Why This Matters for Security Teams
Shared OT accounts are not just a hygiene issue after IT and OT converge. They collapse the evidence chain that security, operations and engineering rely on during change control, safety review and incident response. When multiple people use one login, RBAC, PAM and even basic session logging lose precision because the identity no longer maps to a single human or support function. That makes it harder to prove whether a PLC setpoint changed through an approved maintenance window or through an unauthorised remote session.

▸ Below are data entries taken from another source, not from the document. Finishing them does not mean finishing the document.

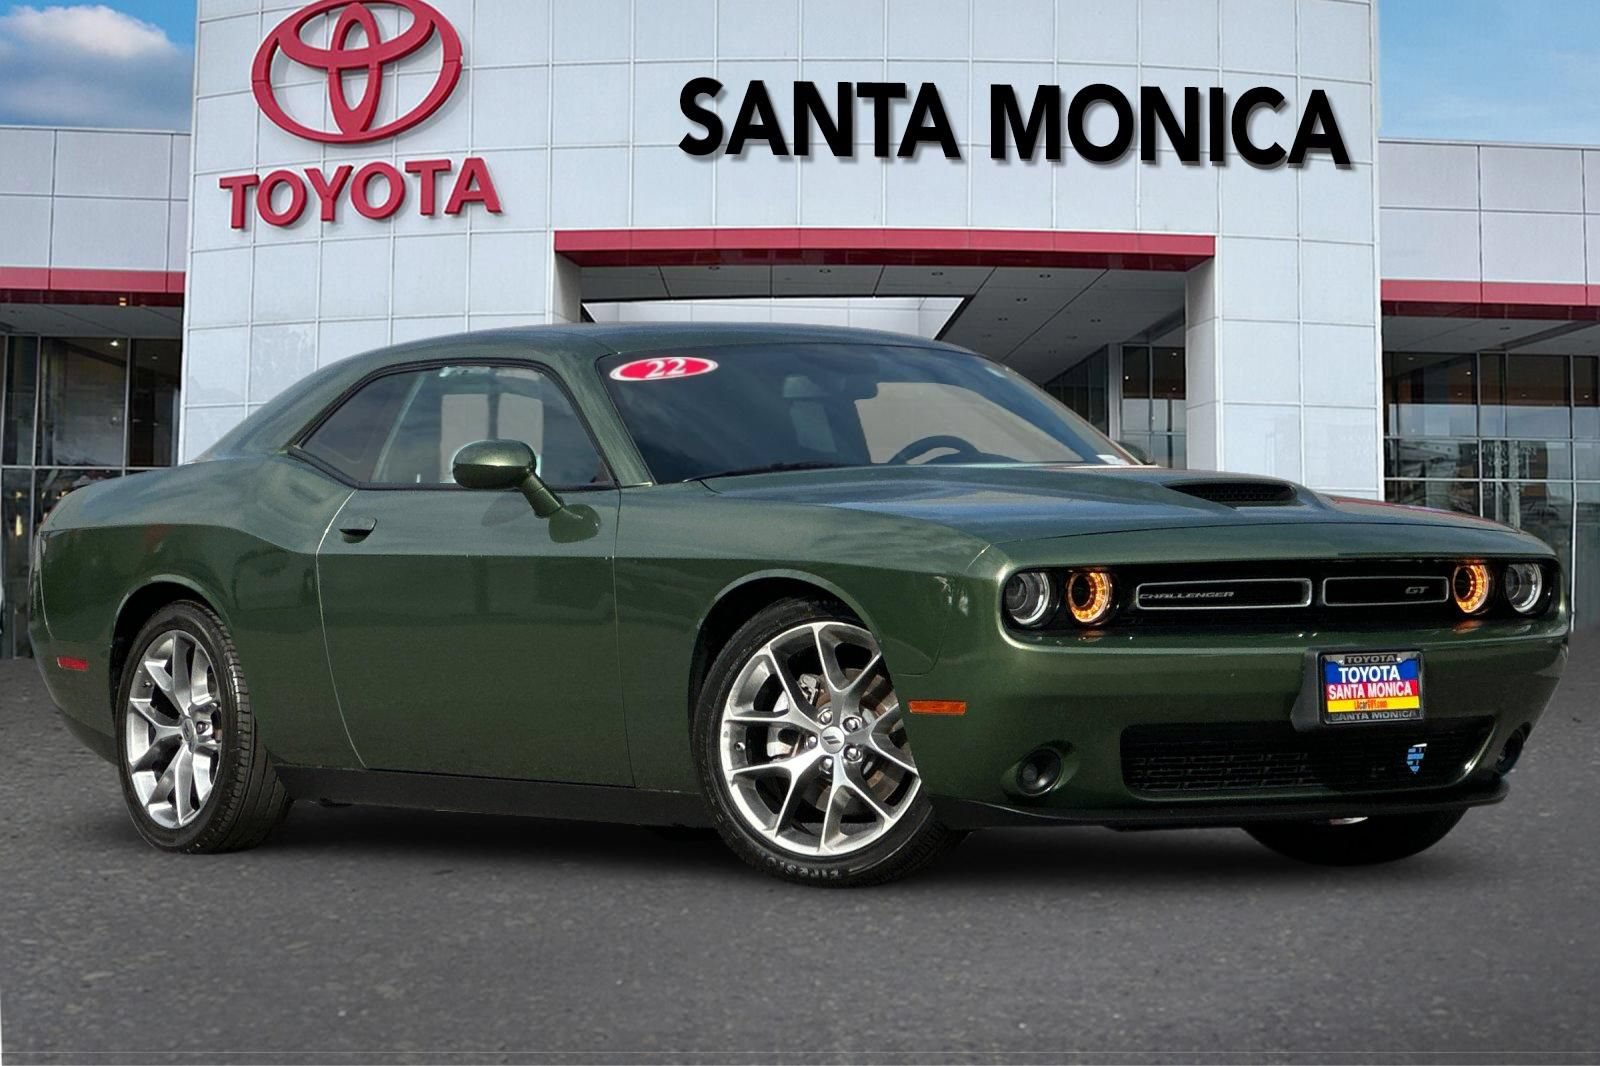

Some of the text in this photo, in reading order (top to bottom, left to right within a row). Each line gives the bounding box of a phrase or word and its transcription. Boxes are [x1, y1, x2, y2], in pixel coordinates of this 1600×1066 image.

[678, 77, 1352, 167] SANTA MONICA
[218, 157, 503, 230] TOYOTA
[644, 358, 687, 378] 22
[1140, 592, 1234, 600] CHALLENGER
[1405, 586, 1430, 594] GT
[1346, 654, 1396, 663] TOYOTA
[1338, 665, 1401, 683] TOYOTA
[1328, 681, 1412, 700] SANTA MONICA
[1331, 710, 1417, 721] SANTA MONICA

The risk is amplified when shared access is extended to vendors, contractors and system integrators. In practice, a compromised shared credential can look like routine operator activity until the process is already disrupted. This is why current guidance from NIST Cybersecurity Framework 2.0 and NHI governance both emphasise traceable identity, least privilege and auditable access paths. NHI Mgmt Group has also documented how identity failures become visible only after damage, as seen in the Schneider Electric credentials breach. In practice, many security teams encounter shared-account failures only after a controller is altered and no one can reliably prove who did it.
How It Works in Practice
Once convergence brings remote support, cloud monitoring and vendor maintenance into OT, the old habit of shared access starts to break incident reconstruction. A single account may be used by shift staff, integrators and automation engineers, but each session can have a different purpose, device and risk level. That means the control problem is not only authentication, it is attribution. Modern guidance is shifting toward per-person or per-workload identity, short-lived access, and intent-based approval at the moment access is requested.
Practically, organisations should separate three layers:
- Identity: give each operator, contractor or service tool a distinct account or workload identity.

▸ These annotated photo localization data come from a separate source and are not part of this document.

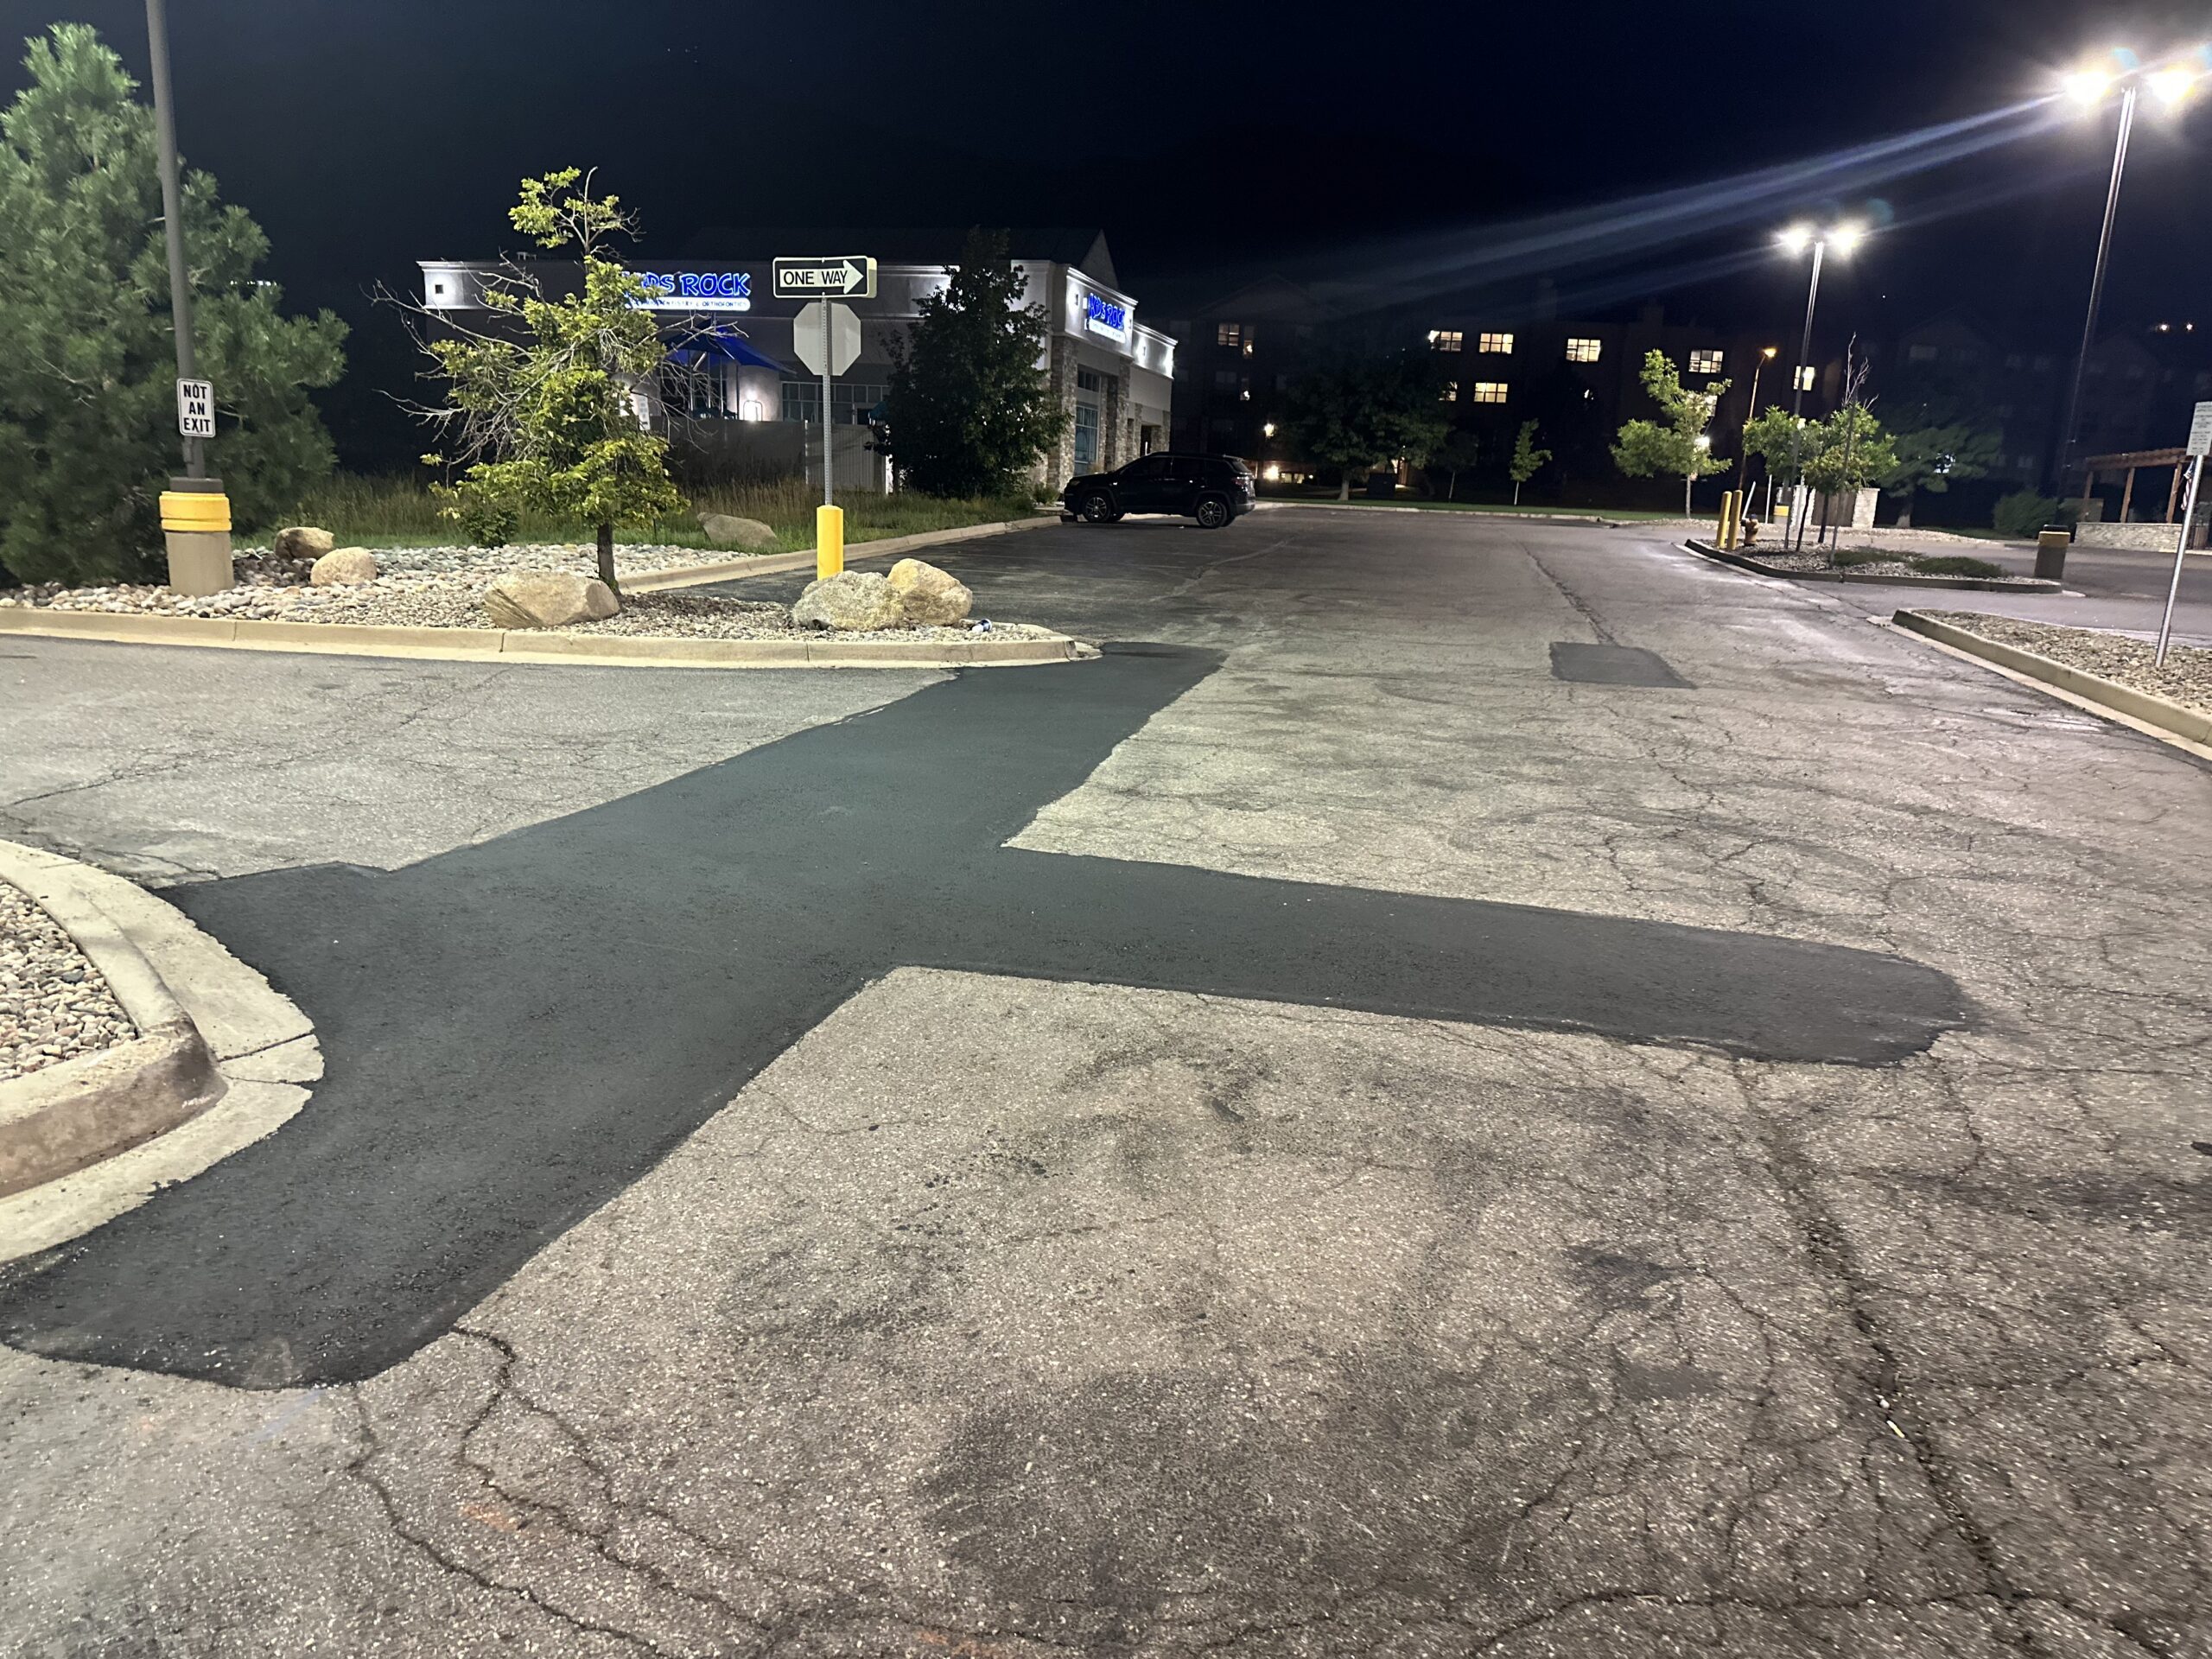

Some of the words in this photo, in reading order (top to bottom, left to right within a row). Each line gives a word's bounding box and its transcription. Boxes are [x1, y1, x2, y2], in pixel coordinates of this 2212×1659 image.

[621, 270, 676, 296] DS
[679, 272, 751, 296] ROCK
[783, 270, 815, 285] ONE
[821, 270, 848, 285] WAY
[183, 384, 207, 398] NOT
[189, 402, 205, 415] AN
[183, 417, 211, 432] EXIT

- Authorisation: use JIT access and PAM so privileged access is approved for a specific task, not left standing.
- Evidence: log session start, command execution, asset touched and ticket reference so review can reconstruct who acted and why.
For OT environments, this often requires pairing RBAC with contextual checks such as device posture, engineering change record and time-bound approval. That approach fits the direction of NIST Cybersecurity Framework 2.0, which prioritises governance, access control and continuous monitoring. It also aligns with the breach patterns highlighted in the Schneider Electric credentials breach, where credential misuse can quickly become an operational issue rather than a pure IT problem. In this context, shared OT accounts tend to break down when third-party support is frequent, because no session can be tied cleanly to one accountable operator.
Common Variations and Edge Cases
Tighter access control often increases operational overhead, requiring organisations to balance traceability against uptime, shift turnover and emergency response. That tradeoff is real in plants that run 24/7, rely on legacy controllers or depend on vendor intervention for safety-related systems. Current guidance suggests that exceptions can exist, but they should be narrow, documented and compensating controls must be strong.
One common edge case is a legacy HMI or engineering workstation that technically supports only one local account. In that situation, best practice is evolving rather than settled: organisations may use a controlled jump host, time-bound access, session recording and named approval records to preserve accountability. Another edge case is disaster recovery, where emergency use accounts may be justified, but they should be vaulted, rotated and tested, not handed around informally. The broader lesson is that convergence makes “shared because it is convenient” much harder to defend, especially where auditability matters for safety or regulatory review.
The NIST Cybersecurity Framework 2.0 supports this by pushing organisations toward resilient access governance, while NHI Mgmt Group’s research shows how weak credential discipline persists until exposed by an incident. That pattern is familiar in the Schneider Electric credentials breach and similar cases, where shared access turns a technical event into an attribution gap.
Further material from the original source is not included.